American hardcore punk band

The Wrangler Brutes were an American hardcore punk band formed in 2003 in Los Angeles, California.

==History==
Wrangler Brutes were formed around vocalist Sam McPheeters (ex-Born Against, Men's Recovery Project), drummer Brooks Headley (ex-Born Against, Universal Order of Armageddon, (Young) Pioneers), guitarist Andy Coronado (of Skull Kontrol, Monorchid, Nazti Skinz, Glass Candy) and bassist Cundo Si Murad. The band sold over 1,000 copies of their self-released, self-titled cassette in nine months. This release was followed by a 7" record and a full-length LP, Zulu, recorded in May 2004 with Steve Albini. The album featured Chris Thomson (of Monorchid and Circus Lupus fame), as well as Circle Jerks' Keith Morris on vocals. The band recorded their October 8, 2004, show at Monkey Mania in Denver, Colorado, with Permanent Record Studios. The concept was to release a "bootlegged" live version of their Zulu album, but due to the band's split, the live CD was never released. However, a limited-run cassette-only version of the ZULU Live "Bootleg" recording was released on January 21, 2017, by 25 Diamonds Label. In December 2004, at the end of a lengthy Japanese tour, McPheeters bowed out and was replaced for the band's last US show by Dean Spunt of the bands Wives and No Age.

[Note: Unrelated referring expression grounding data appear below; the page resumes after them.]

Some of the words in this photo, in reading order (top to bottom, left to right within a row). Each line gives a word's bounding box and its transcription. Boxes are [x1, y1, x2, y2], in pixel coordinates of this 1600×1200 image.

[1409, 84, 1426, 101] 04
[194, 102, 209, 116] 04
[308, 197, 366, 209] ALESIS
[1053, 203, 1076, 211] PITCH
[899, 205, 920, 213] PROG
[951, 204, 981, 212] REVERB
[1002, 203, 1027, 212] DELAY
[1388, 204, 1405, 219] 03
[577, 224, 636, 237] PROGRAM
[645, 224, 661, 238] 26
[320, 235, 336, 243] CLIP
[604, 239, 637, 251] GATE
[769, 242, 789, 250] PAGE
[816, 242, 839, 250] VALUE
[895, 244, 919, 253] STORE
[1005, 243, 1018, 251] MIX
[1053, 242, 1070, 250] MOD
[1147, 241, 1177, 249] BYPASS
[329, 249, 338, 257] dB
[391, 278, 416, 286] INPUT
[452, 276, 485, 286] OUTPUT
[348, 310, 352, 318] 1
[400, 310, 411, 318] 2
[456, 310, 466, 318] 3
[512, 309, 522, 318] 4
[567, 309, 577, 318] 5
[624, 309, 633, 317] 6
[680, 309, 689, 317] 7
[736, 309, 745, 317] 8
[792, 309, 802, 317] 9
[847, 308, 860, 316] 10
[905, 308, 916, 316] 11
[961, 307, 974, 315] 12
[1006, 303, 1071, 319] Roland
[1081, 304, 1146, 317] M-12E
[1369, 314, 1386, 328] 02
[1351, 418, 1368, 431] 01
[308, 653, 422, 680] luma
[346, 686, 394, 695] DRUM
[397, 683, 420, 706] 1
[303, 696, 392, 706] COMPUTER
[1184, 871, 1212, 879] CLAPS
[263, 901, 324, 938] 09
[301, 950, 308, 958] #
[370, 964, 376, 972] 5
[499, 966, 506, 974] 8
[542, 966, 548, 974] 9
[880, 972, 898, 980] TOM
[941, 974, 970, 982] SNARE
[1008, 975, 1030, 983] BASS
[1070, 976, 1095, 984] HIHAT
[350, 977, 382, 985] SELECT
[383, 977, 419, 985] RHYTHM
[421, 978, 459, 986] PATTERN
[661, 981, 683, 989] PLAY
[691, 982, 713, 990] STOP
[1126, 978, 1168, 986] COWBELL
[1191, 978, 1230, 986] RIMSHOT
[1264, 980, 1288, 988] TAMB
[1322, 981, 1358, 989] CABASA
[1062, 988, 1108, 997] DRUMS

The band was known for somewhat confrontational and hectic live performances which were heralded by their biggest fans as a return to the artsy yet entertaining briskness of early-Los Angeles hardcore punk. McPheeters' sense of humor dominated their presence as a live act; his patter, alternately caustic and cryptic, was a major aspect of these shows. On their first tour, their set ended with noted history buff McPheeters donning a wig and reciting a dramatic monologue taken from the closing scene of act 1 of Shakespeare's Henry V.

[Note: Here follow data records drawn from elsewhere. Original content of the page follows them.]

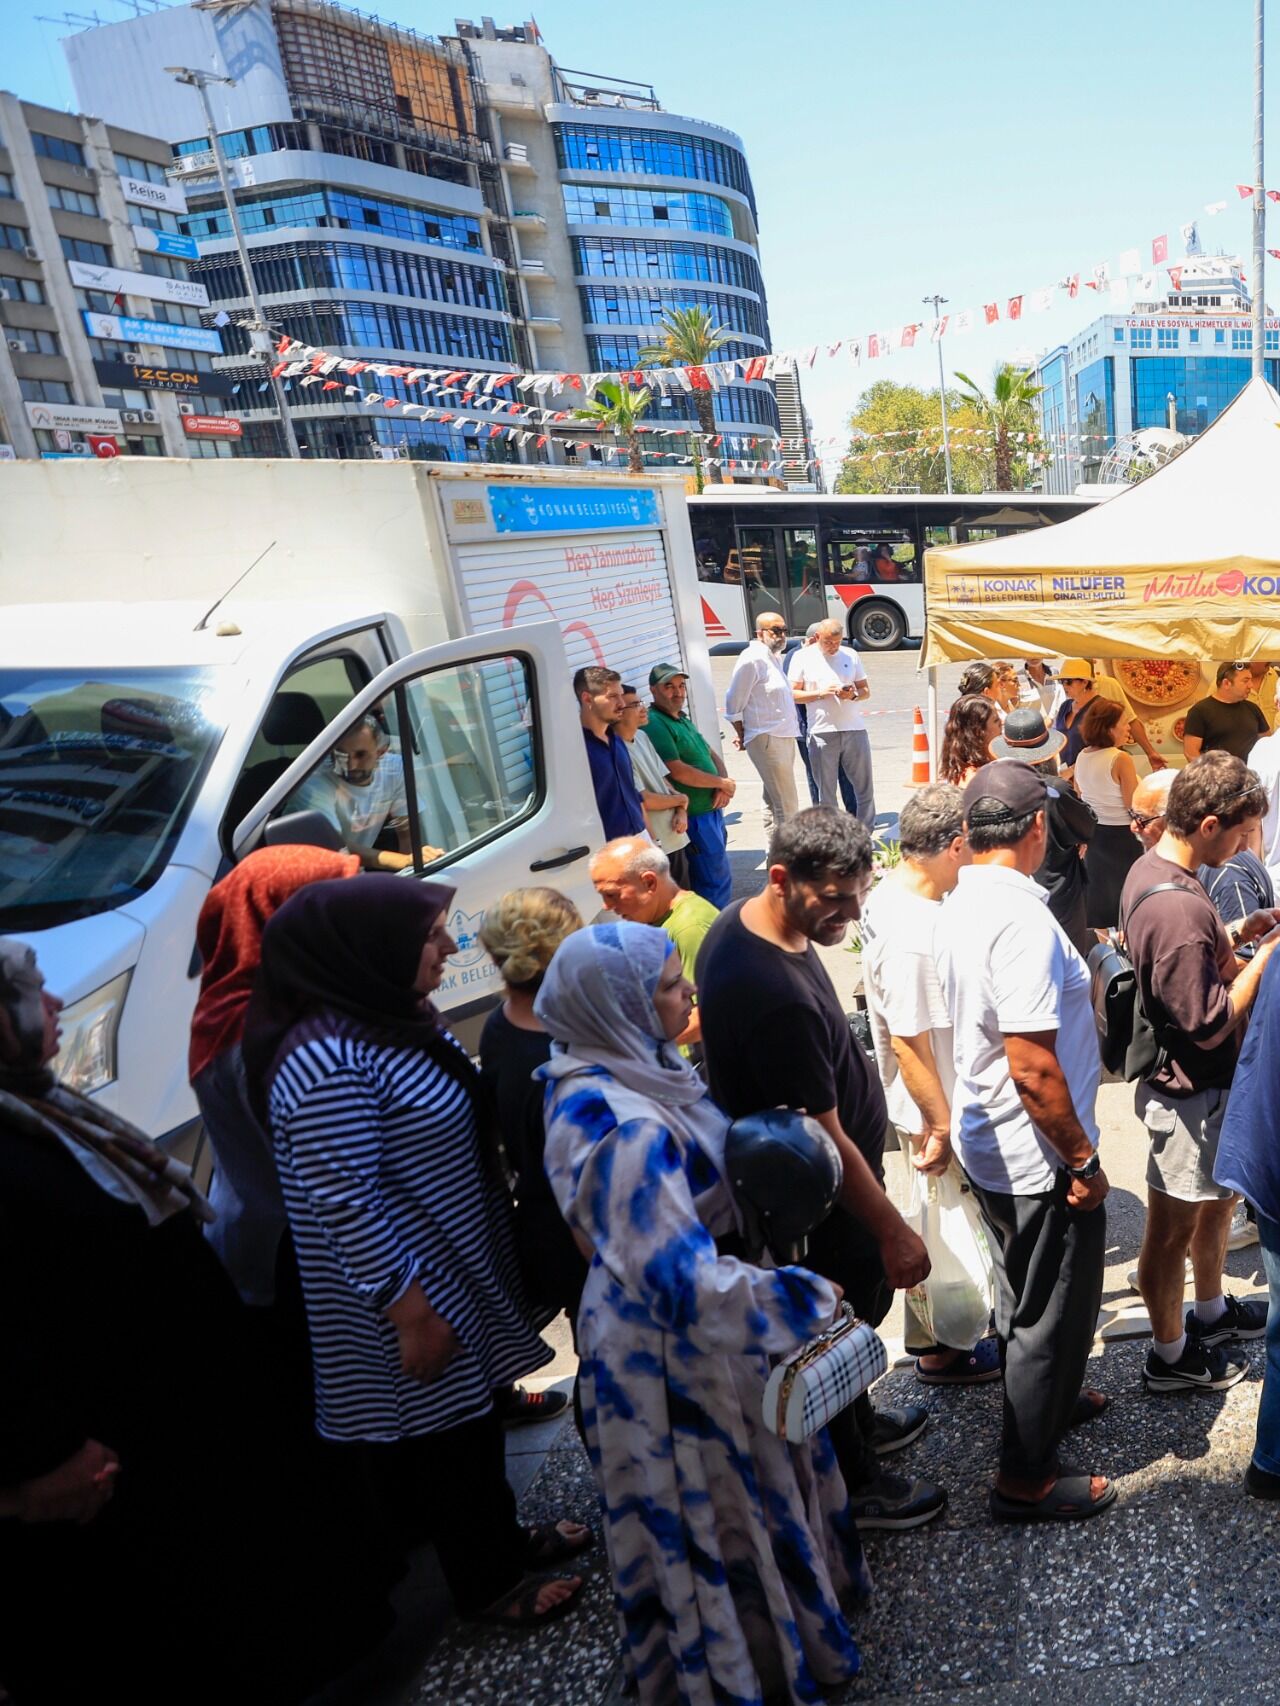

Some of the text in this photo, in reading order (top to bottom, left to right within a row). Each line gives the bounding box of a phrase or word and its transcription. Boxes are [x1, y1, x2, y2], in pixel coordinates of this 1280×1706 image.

[1167, 320, 1194, 328] SOSYAL
[538, 504, 575, 517] KONAK
[564, 547, 592, 576] Hep
[984, 579, 1037, 592] KONAK
[1144, 570, 1218, 601] Mutlu
[591, 586, 615, 614] Hep
[1093, 591, 1126, 600] MUTLU
[461, 963, 497, 985] BELED

McPheeters also penned an over-the-top dismissal of Zulu for the OC Weekly under the name "Walter Burgerns," an anagram of the band's name.

==Band members==
- Sam McPheeters - vocals
- Andy Coronado - guitar
- Cundo Si Murad - bass
- Brooks Headley - drums

==Discography==
- 1 sided 7" (WBR, 2003)
- 16-song cassette (WBR, 2003)
- Zulu LP / CD (WBR / Kill Rock Stars, 2004)
- Zulu "Bootleg" CD - Live from Monkey Mania - Denver, CO (Unreleased, 2004)
- 16 Song Cassette Revisited LP (X-Mist, 2005)
- 16 Song Cassette Revisited, Again 8"x 2 (Clarence Thomas, 2005)
- Denver 10/08/04 Cassette (25 Diamonds Label, 2017) (cassette version of Zulu "Bootleg" CD - Live from Monkey Mania - Denver, CO)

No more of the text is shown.